Vermutlich hat die jüdische Religion mit Menschenopfern Schluss gemacht, indem sie die Beschneidung einführte. Die männliche Vorhaut hinzugeben, mag hygienisch zu begründen sein, ist aber wohl auch als symbolisches Opfer zu verstehen: Statt des ganzen Körpers wird ein Teil davon (pars pro toto) geopfert.

Immer geht es darum, einen Gott, eine Göttin, mehrere oder auch alle in der eigenen Glaubenswelt vorkommenden Götter bei guter Laune zu halten. „Ich gebe, damit du gibst“, war die Devise der Römer. Es ging also um einen Handel, wie er unter Menschen üblich war. Man könnte ihn auch als Bestechungsversuch bezeichnen.

Woher aber nahmen Menschen überall in der Welt und zu allen Zeiten die Gewissheit, dass es den jeweiligen „Handelspartner“ überhaupt gab und dass der Bestechungsversuch Aussicht auf Erfolg hatte?

Für den christlichen Glauben ist die Frage schnell beantwortet. Die Christenheit versteht ihre „Heilige Schrift“, die Bibel, als „Gottes Wort“. Gott selbst hat also nach dieser Überzeugung die Grundlagen für den Glauben gelegt. Freilich behaupten auch strenggläubige Christen nicht, Gott habe die Bibel persönlich geschrieben, aber nach verbreiteter Auffassung waren die Verfasser der Texte von Gott, vom Heiligen Geist, inspiriert. Es handelt sich um eine Sammlung von Texten unterschiedlicher Herkunft. Den schriftlich festgehaltenen Berichten, Erzählungen, Psalmen und sonstigen Werken ist eine teilweise sehr lange mündliche Überlieferung vorausgegangen. Daraus sind auch Schriften entstanden, die nicht für wert befunden wurden, in die Bibel aufgenommen zu werden – einige wurden sogar bekämpft und verboten.

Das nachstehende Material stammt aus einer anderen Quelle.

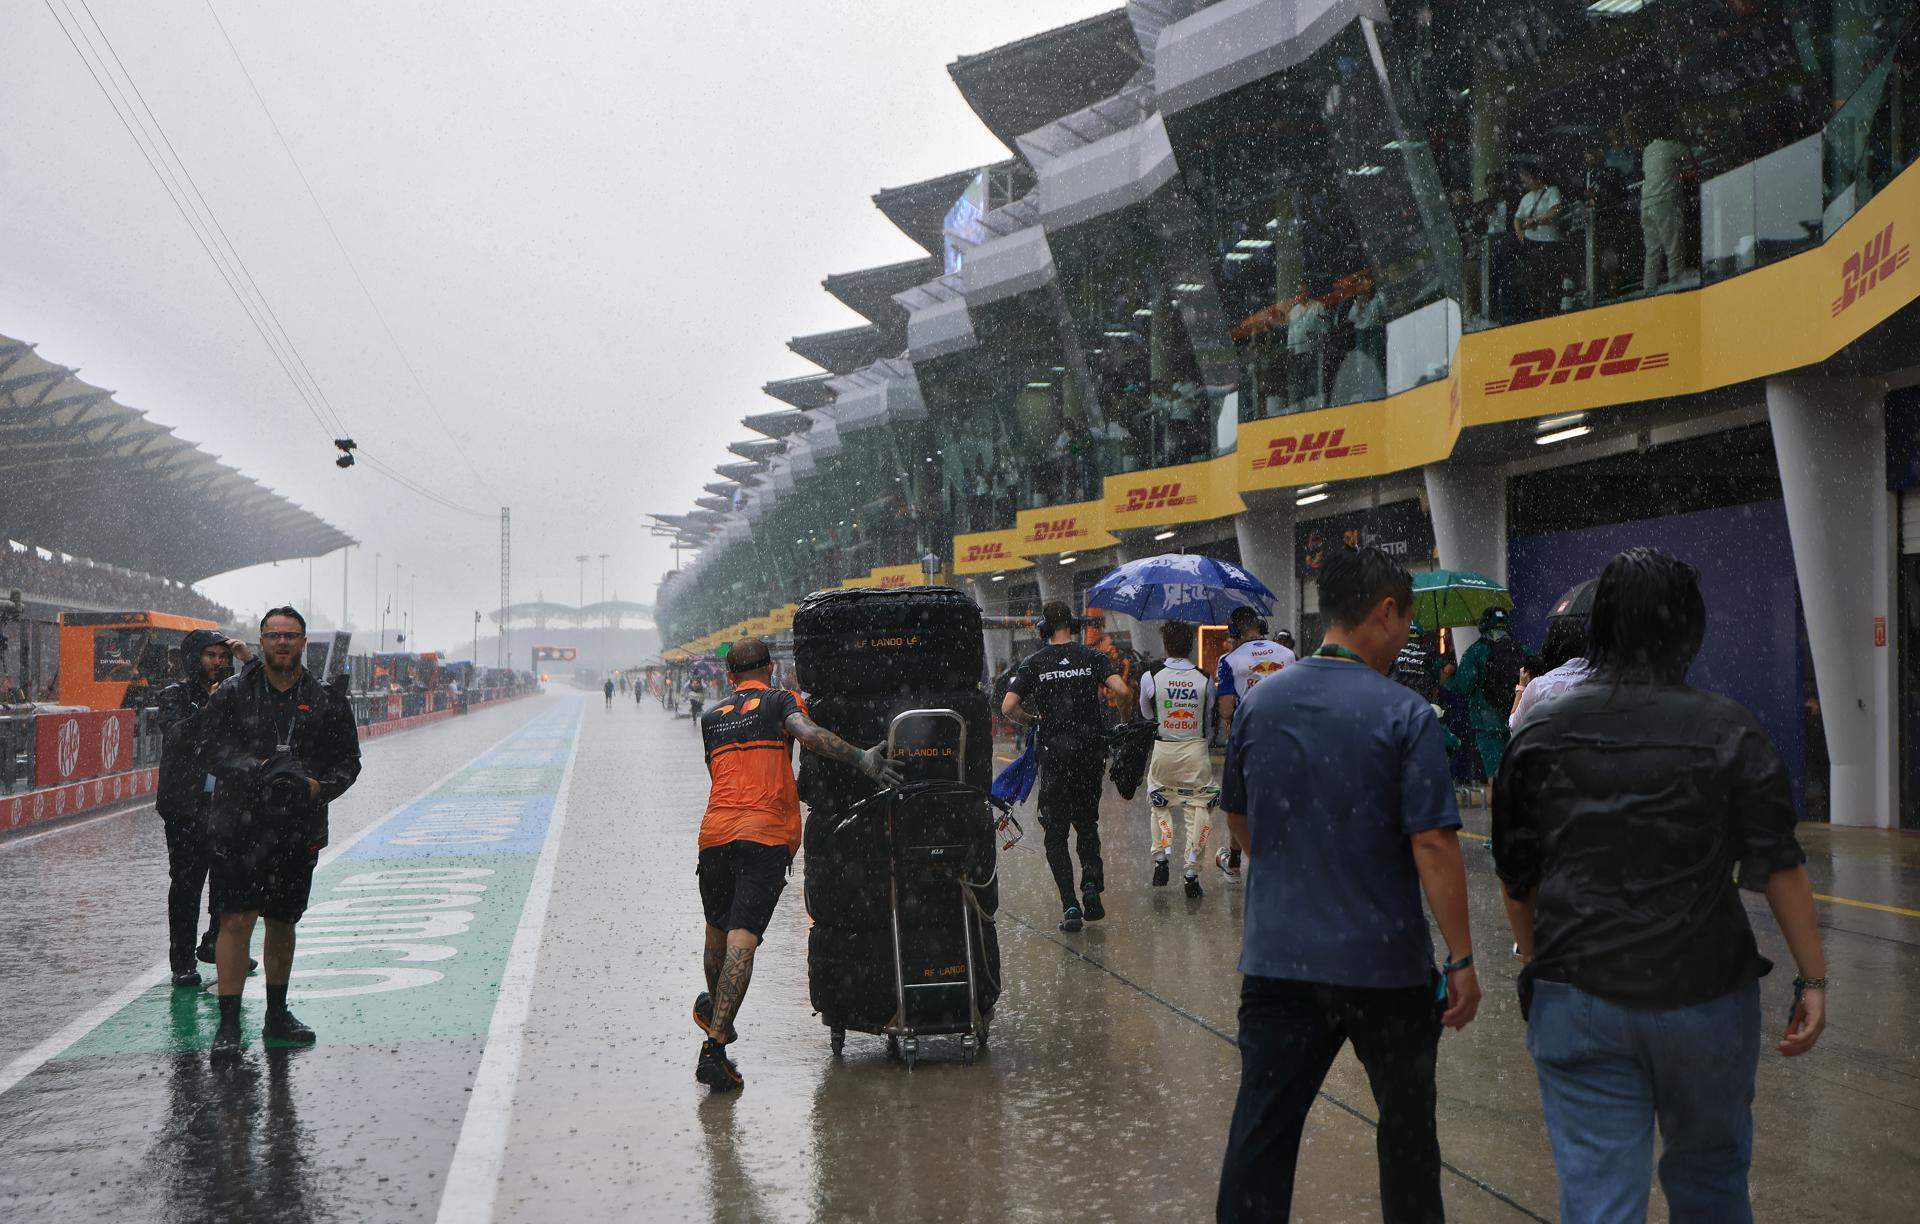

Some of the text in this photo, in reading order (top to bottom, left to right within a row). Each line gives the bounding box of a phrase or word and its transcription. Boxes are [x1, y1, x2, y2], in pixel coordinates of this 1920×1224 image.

[1840, 222, 1897, 312] DHL
[1507, 332, 1642, 392] DHL
[1267, 428, 1351, 467] DHL
[1126, 482, 1186, 512] DHL
[1032, 517, 1079, 541] DHL
[966, 542, 1003, 562] DHL
[871, 637, 902, 647] LANDO
[1251, 648, 1274, 657] HUGO
[1039, 668, 1092, 682] PETRONAS
[1168, 680, 1194, 688] HUGO
[1165, 687, 1198, 700] VISA
[908, 748, 938, 757] LANDO
[939, 964, 966, 976] LANDO
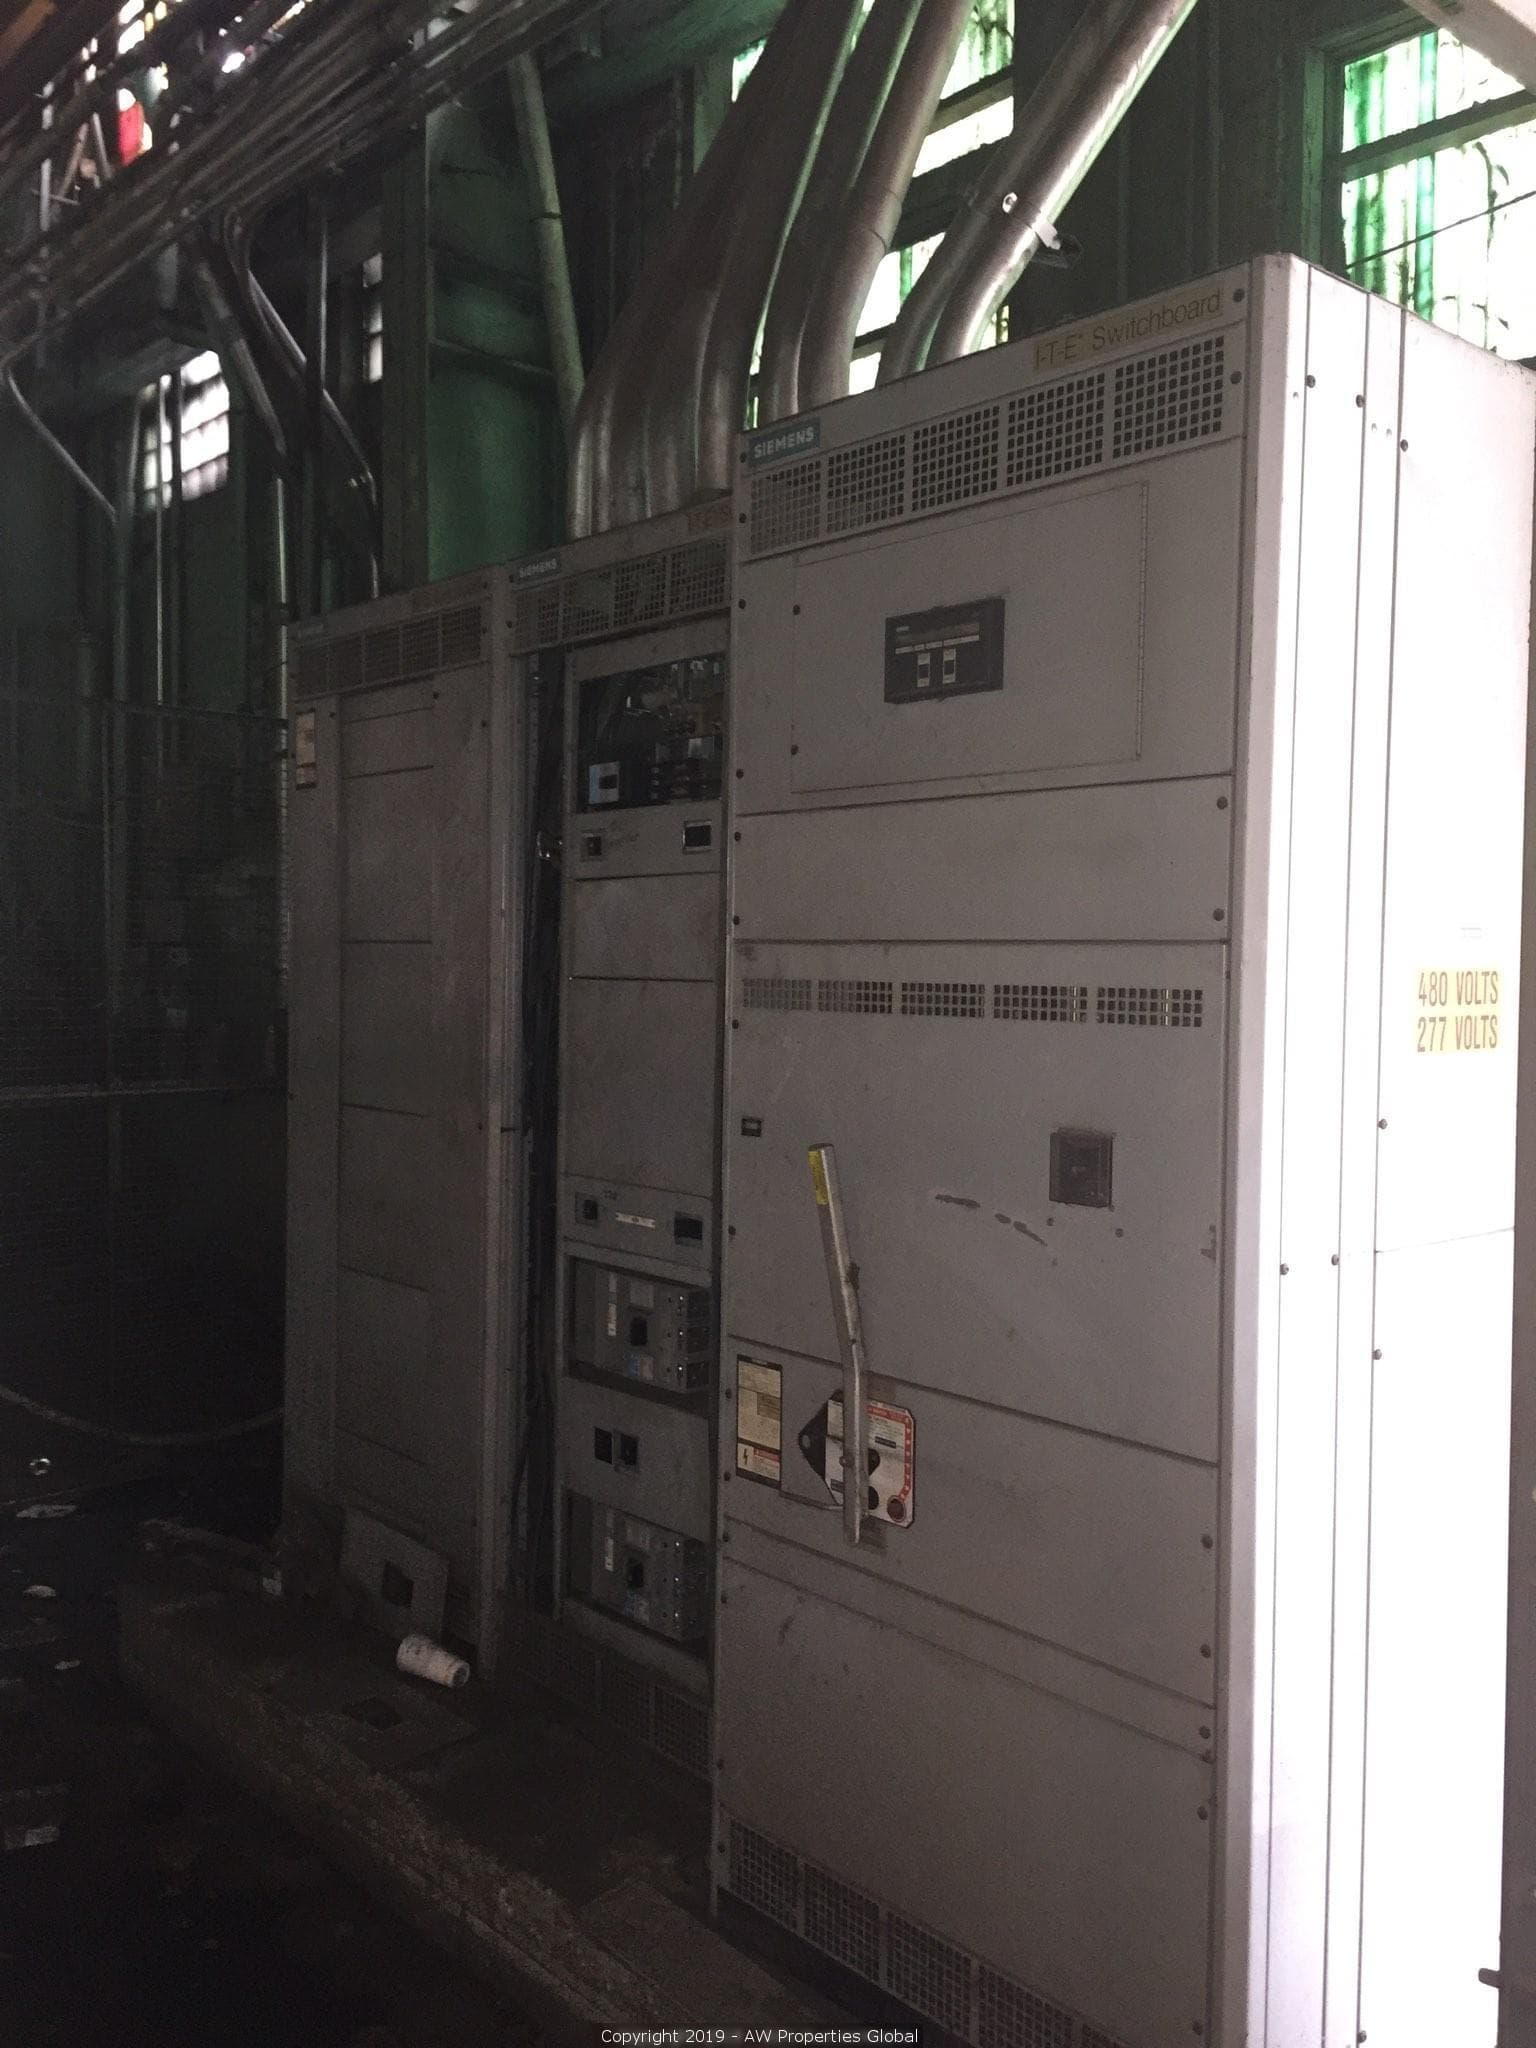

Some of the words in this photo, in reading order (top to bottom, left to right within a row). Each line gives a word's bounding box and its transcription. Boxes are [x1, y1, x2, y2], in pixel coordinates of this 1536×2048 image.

[1092, 288, 1222, 351] Switchboard
[752, 425, 817, 459] SIEMENS
[1418, 971, 1448, 1007] 480
[1456, 970, 1499, 1006] VOLTS
[1417, 1015, 1447, 1052] 277
[1455, 1014, 1498, 1050] VOLTS
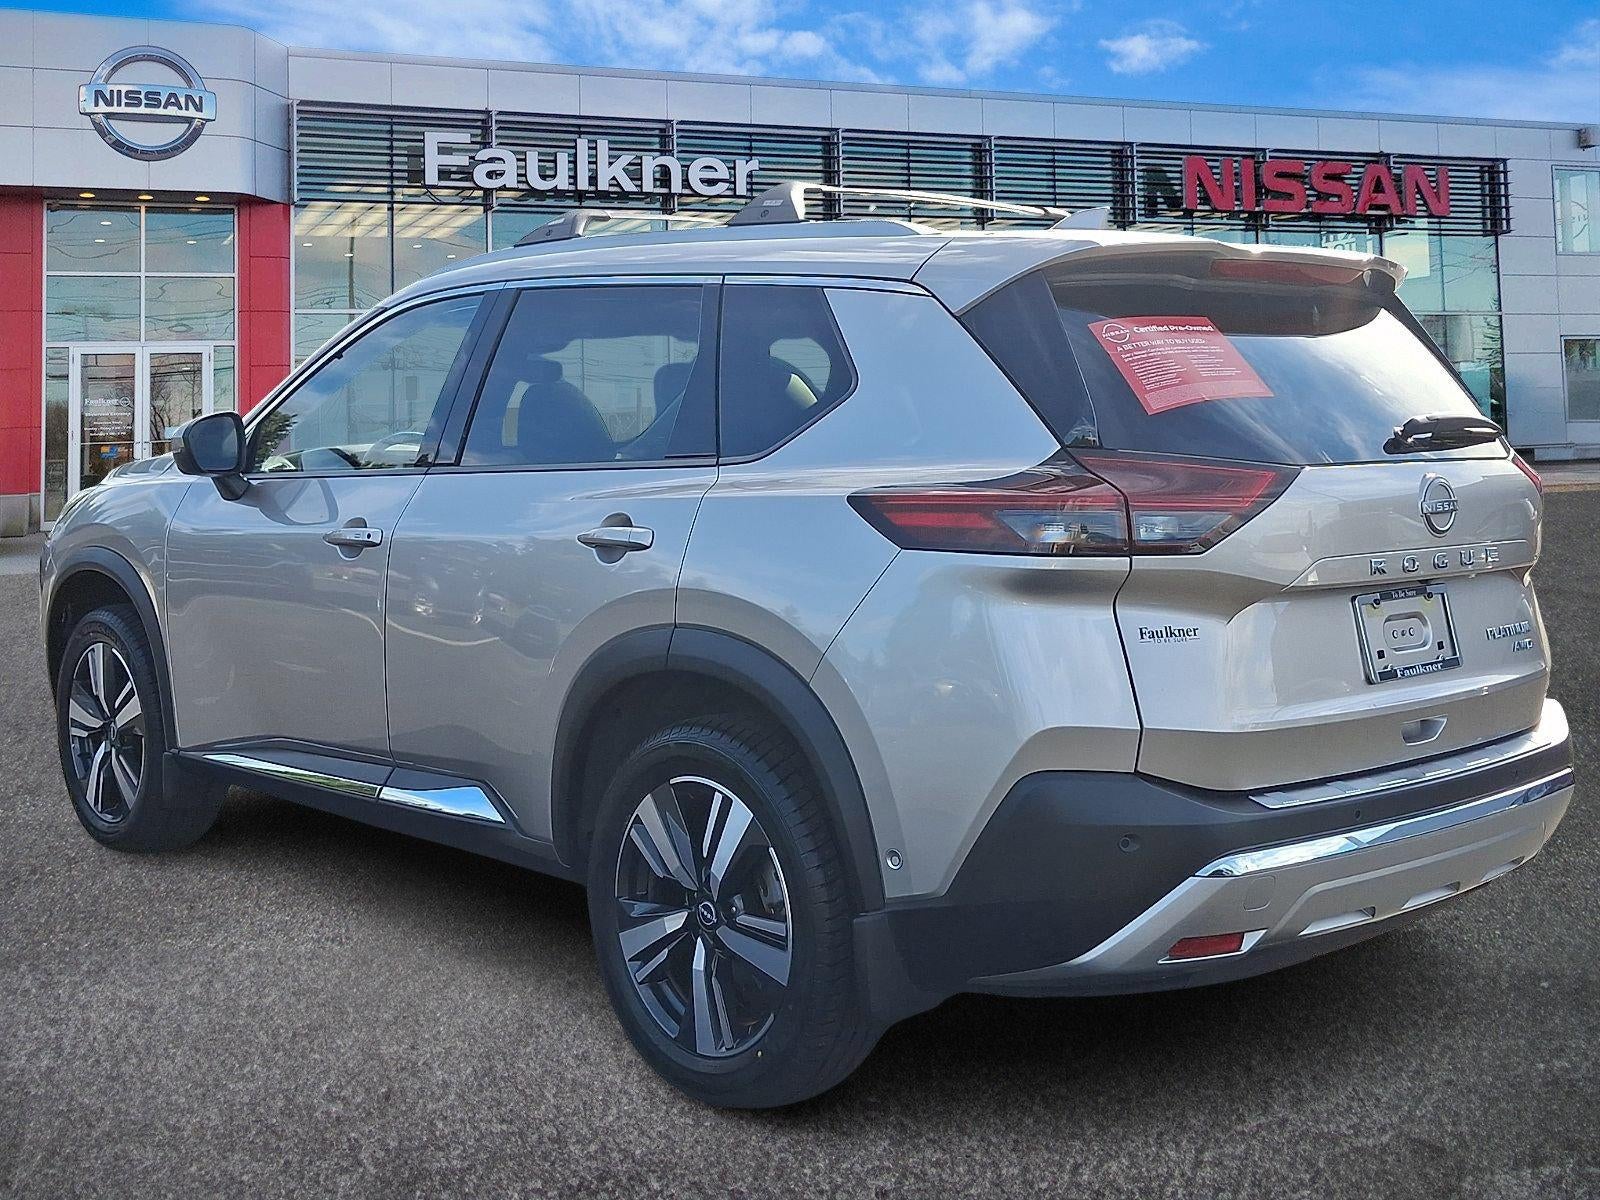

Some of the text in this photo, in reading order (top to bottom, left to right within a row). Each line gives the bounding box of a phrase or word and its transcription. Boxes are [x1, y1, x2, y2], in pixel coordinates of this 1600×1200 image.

[94, 89, 203, 113] NISSAN
[423, 131, 760, 197] Faulkner
[1182, 155, 1450, 216] NISSAN
[1133, 325, 1170, 333] Certified
[1123, 341, 1150, 351] BETTER
[1424, 501, 1459, 512] NISSAN
[1369, 547, 1500, 576] ROGUE
[1139, 626, 1199, 640] Faulkner
[1485, 620, 1530, 640] PLATINUM
[1512, 638, 1533, 652] AWD
[1396, 662, 1443, 678] Faulkner

In einem langwierigen Prozess wurde festgelegt, welche Texte als mit der kirchlichen Lehre übereinstimmend zu gelten hatten. Allen Schriften wurde unterstellt, vom Geist Gottes inspiriert zu sein. Ob das anerkannt wurde, hing davon ab, welche Glaubensströmung sich durchsetzen konnte. Es war eine Frage der Macht.

Hinsichtlich der Grundlagen (sprich: eines möglichen Wahrheitsgehalts) unterscheidet sich der christliche Glaube nicht von dem der Azteken des Mexica-Volkes.